## [To do]
Return all entries precisely as they stand, without the images.

Images for object localization
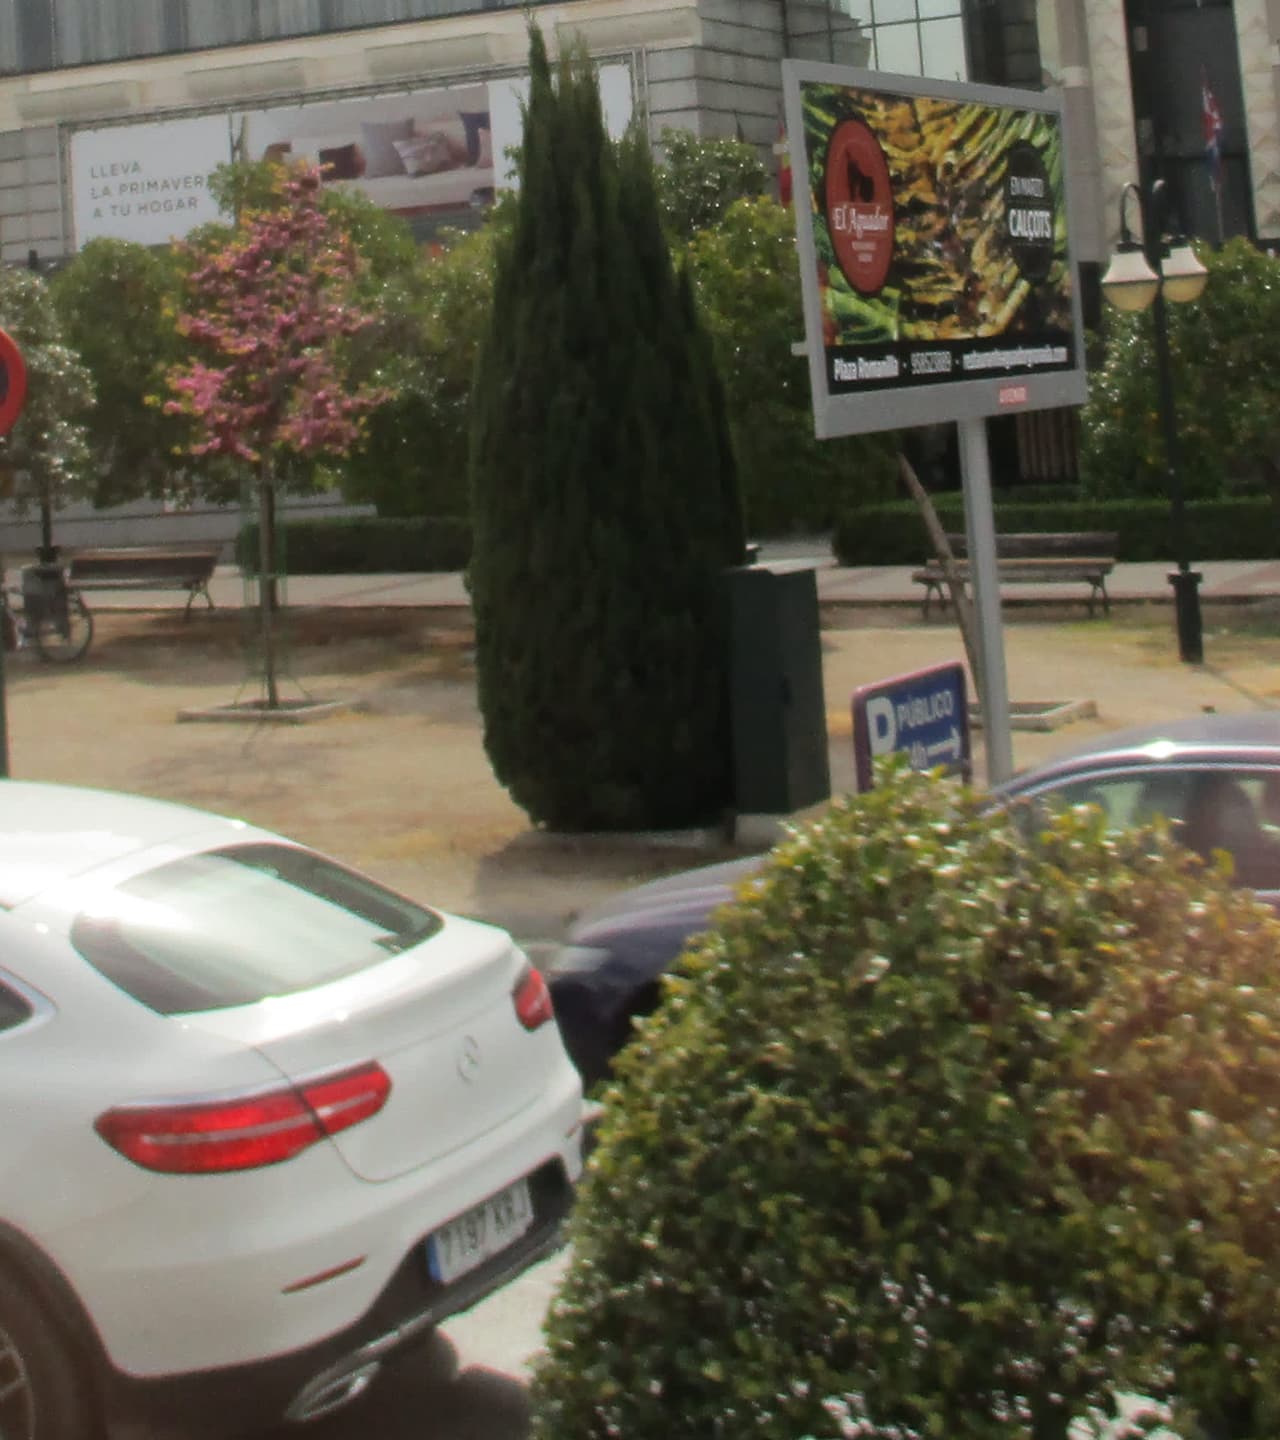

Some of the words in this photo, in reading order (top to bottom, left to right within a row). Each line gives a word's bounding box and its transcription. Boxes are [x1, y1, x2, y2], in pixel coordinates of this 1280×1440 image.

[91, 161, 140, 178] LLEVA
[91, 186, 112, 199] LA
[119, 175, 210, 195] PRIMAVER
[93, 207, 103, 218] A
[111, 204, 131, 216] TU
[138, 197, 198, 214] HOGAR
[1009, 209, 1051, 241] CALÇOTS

## [Output for this task]
Some of the words in this photo, in reading order (top to bottom, left to right within a row). Each line gives a word's bounding box and its transcription. Boxes are [x1, y1, x2, y2], in pixel coordinates of this 1280×1440 image.

[91, 161, 140, 178] LLEVA
[91, 186, 112, 199] LA
[119, 175, 210, 195] PRIMAVER
[93, 207, 103, 218] A
[111, 204, 131, 216] TU
[138, 197, 198, 214] HOGAR
[1009, 209, 1051, 241] CALÇOTS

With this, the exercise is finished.